### WHAT THE TASK REQUIRES
Without the images, print all the entries below exactly as given.

### INFORMATION PROVIDED
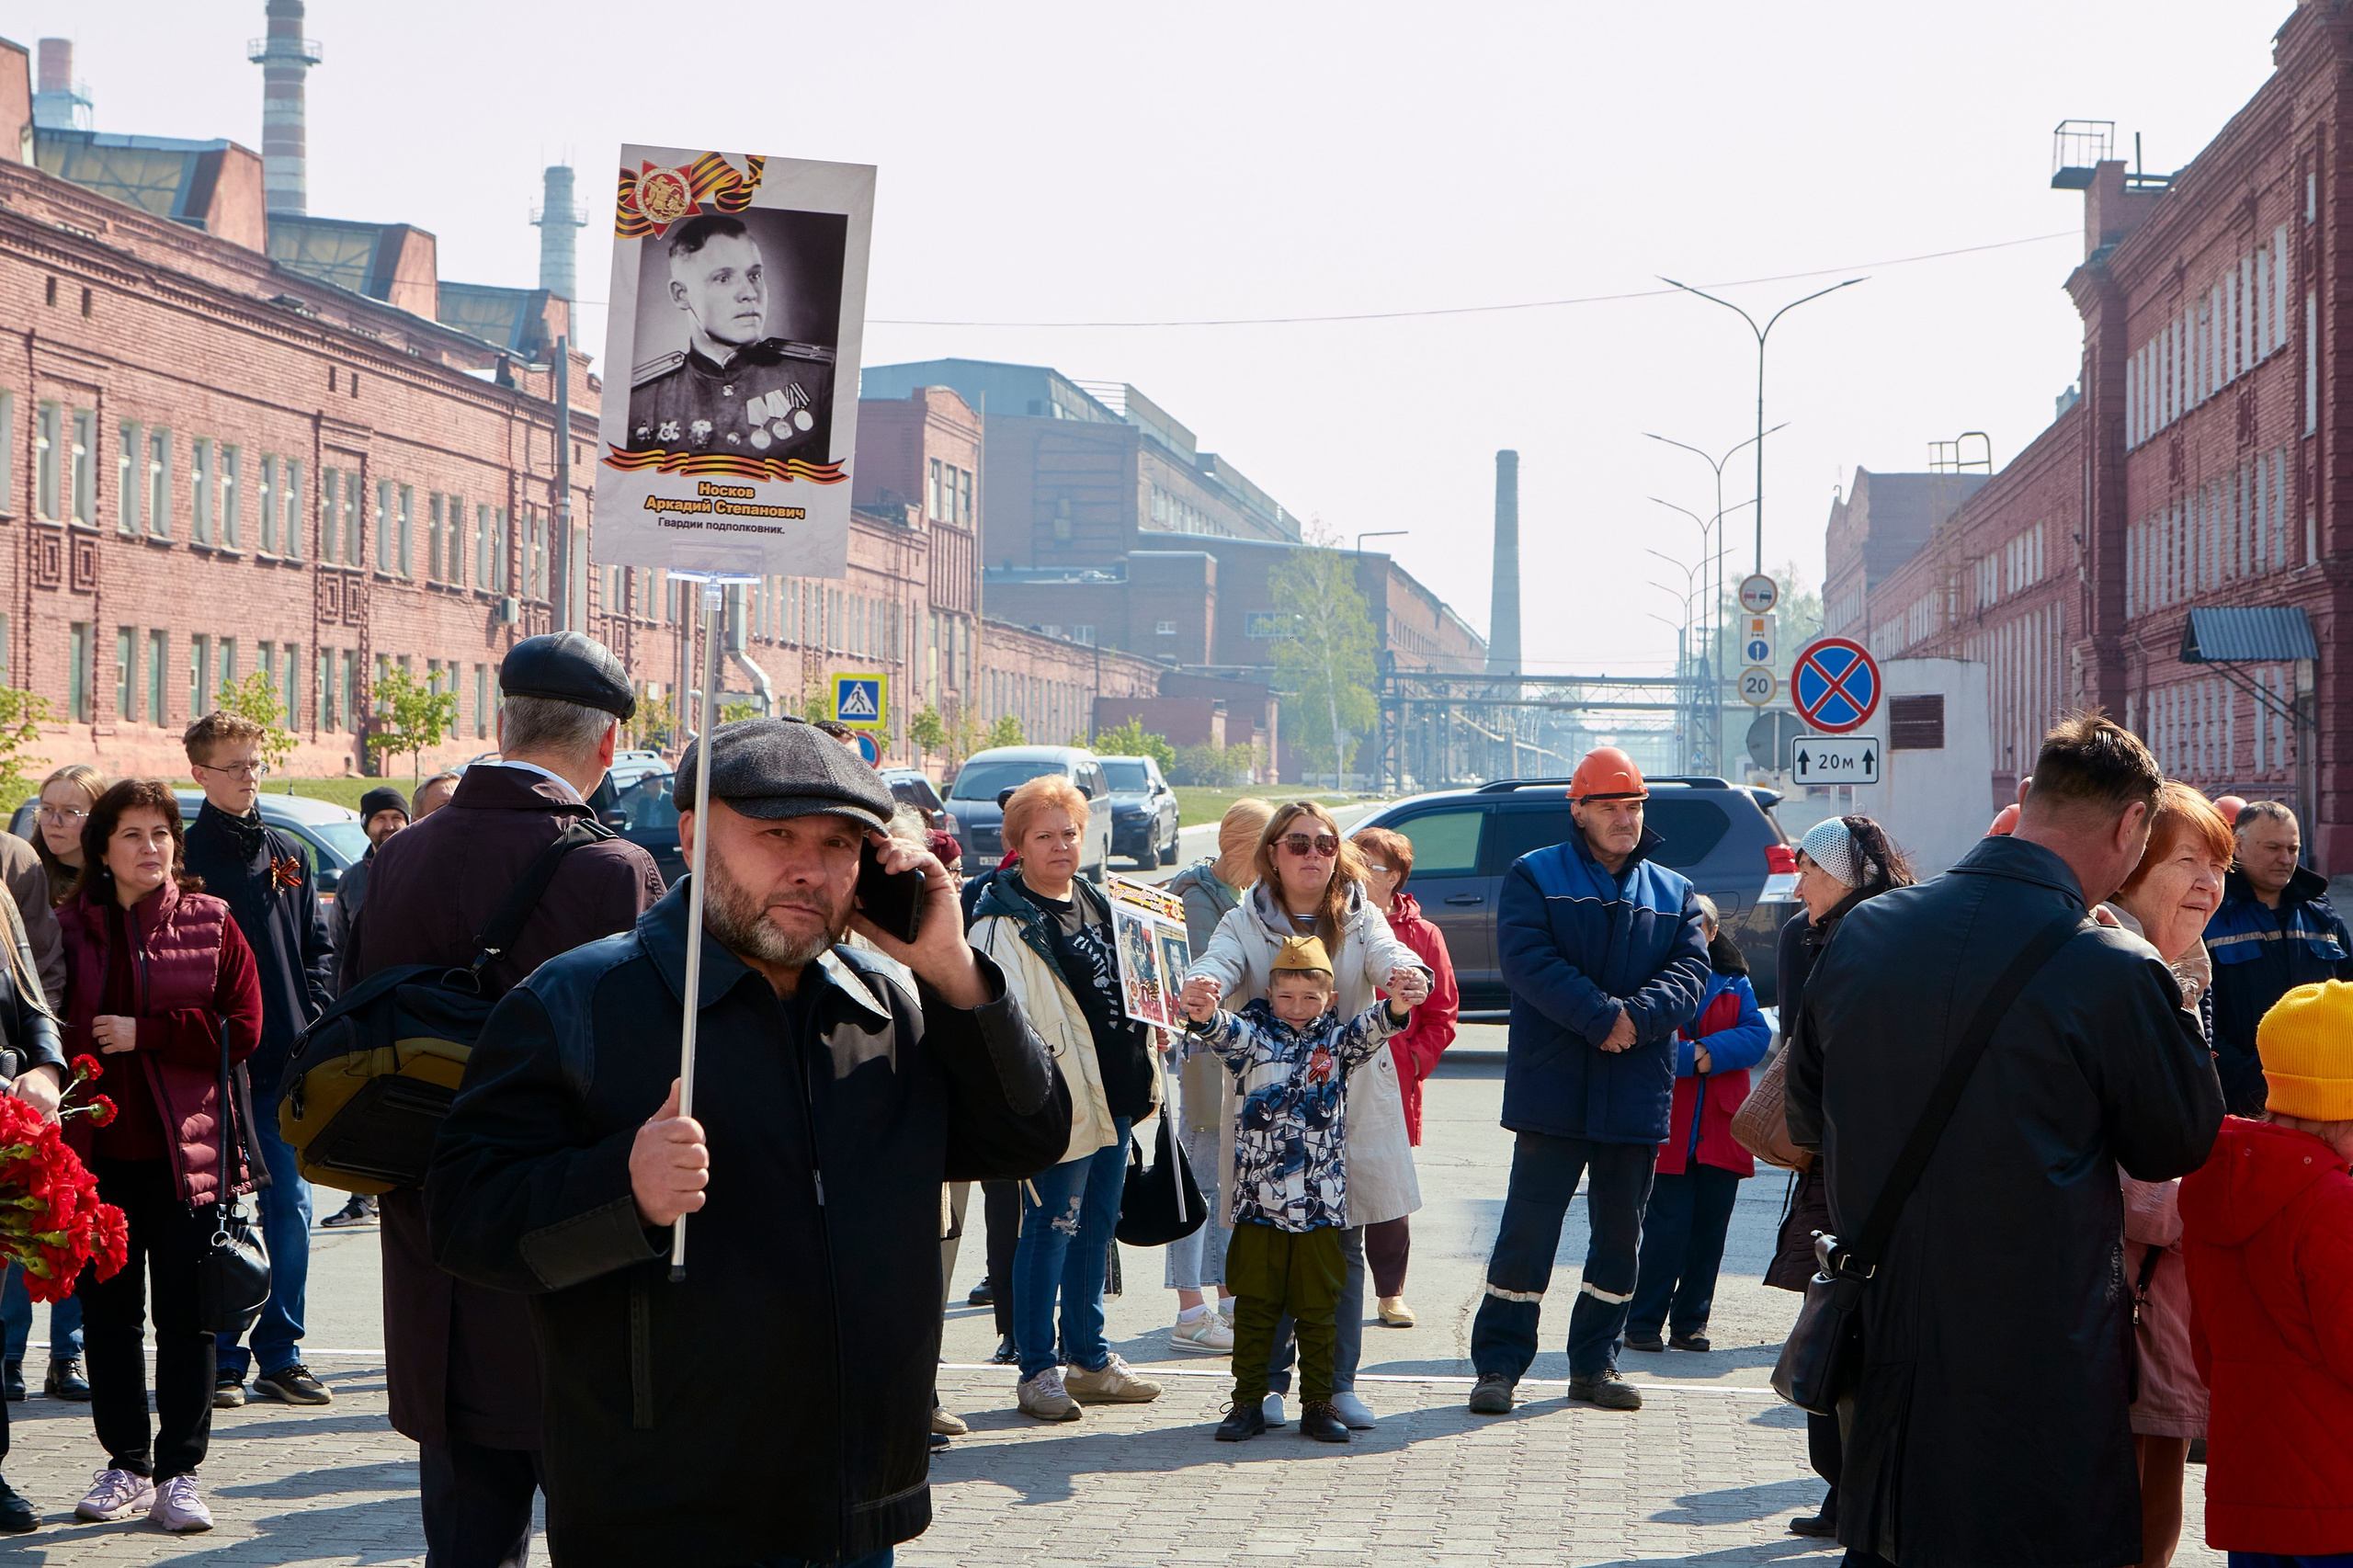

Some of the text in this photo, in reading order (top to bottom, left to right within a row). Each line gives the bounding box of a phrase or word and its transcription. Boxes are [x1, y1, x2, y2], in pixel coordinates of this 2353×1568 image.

[699, 482, 756, 499] Носков
[644, 495, 805, 519] Аркадий Степанович
[658, 517, 786, 534] Гвардии подполковник.
[1745, 677, 1768, 694] 20
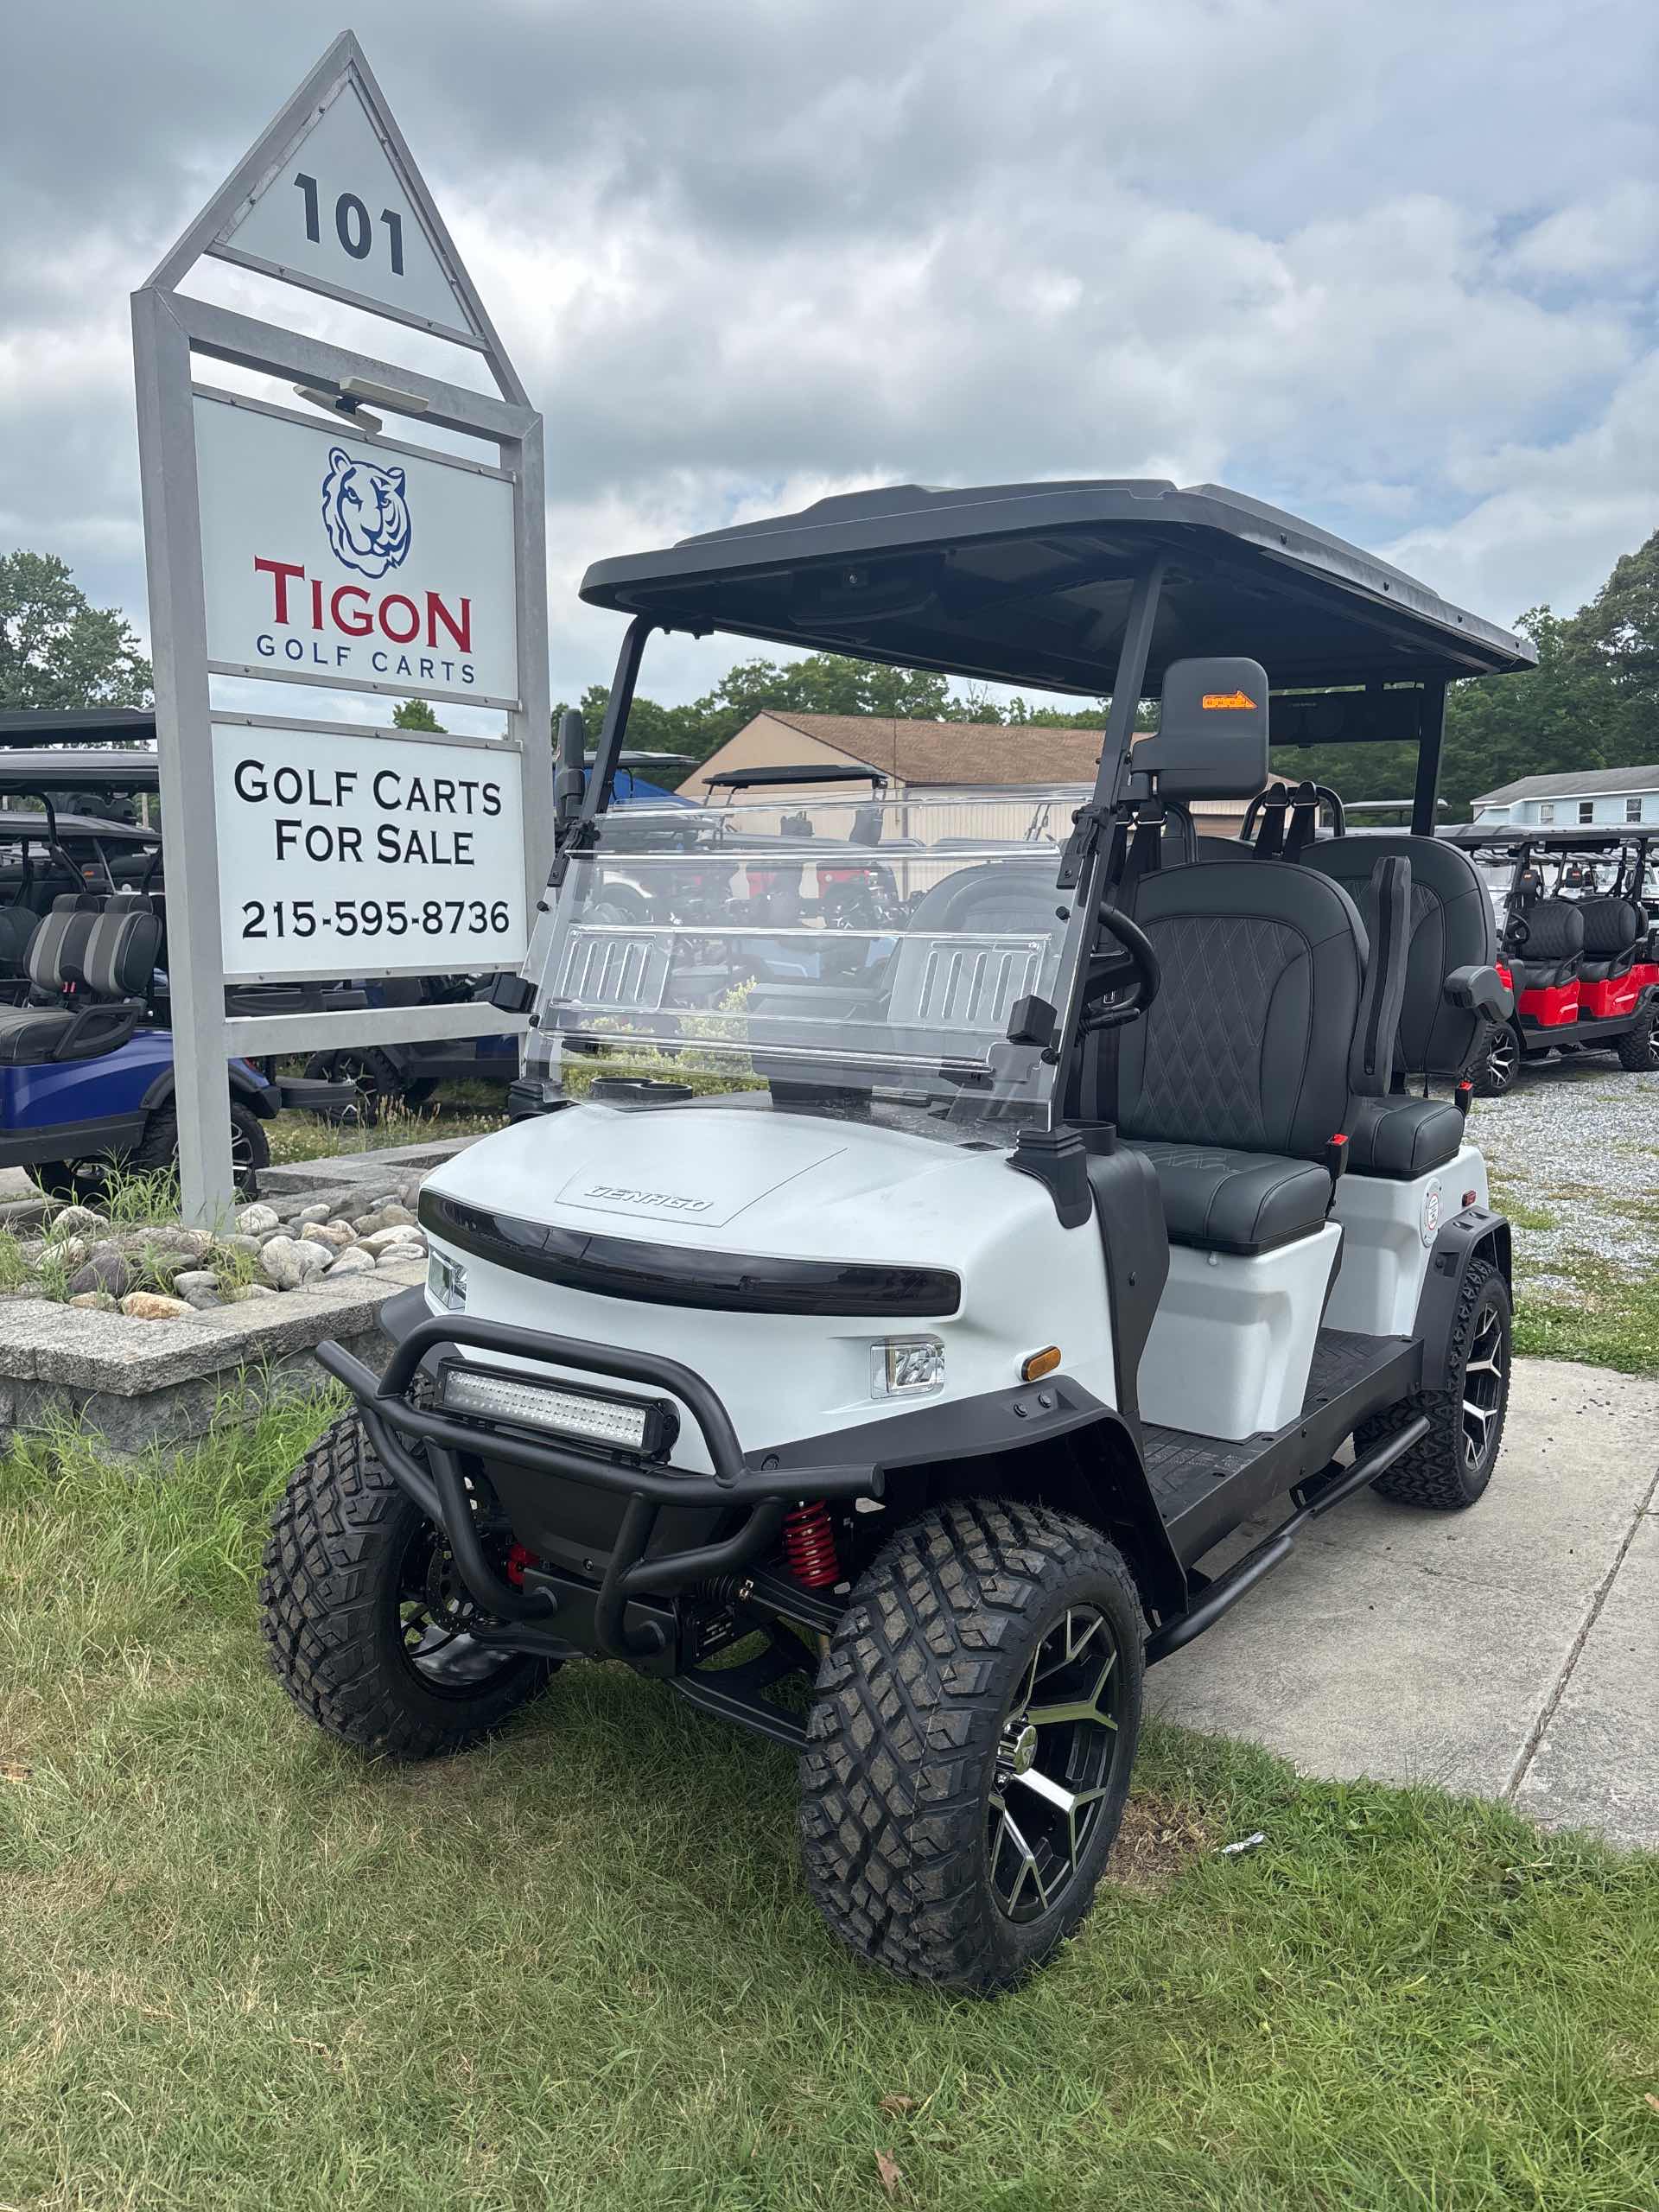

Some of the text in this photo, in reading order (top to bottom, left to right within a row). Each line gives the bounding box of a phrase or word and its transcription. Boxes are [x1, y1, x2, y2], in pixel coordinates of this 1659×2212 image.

### EXPECTED OUTPUT
Some of the text in this photo, in reading order (top to bottom, left to right within a row). Each line gives the bounding box of a phrase or word and its transcription. Boxes are [x1, y1, x2, y2], in pixel coordinates of this 2353×1568 image.

[699, 482, 756, 499] Носков
[644, 495, 805, 519] Аркадий Степанович
[658, 517, 786, 534] Гвардии подполковник.
[1745, 677, 1768, 694] 20

Some of the text in this photo, in reading order (top to bottom, left to right within a row). Each line gives the bounding box of a phrase or word and its transcription. Boxes are [x1, y1, x2, y2], in pixel coordinates of this 1659×2212 image.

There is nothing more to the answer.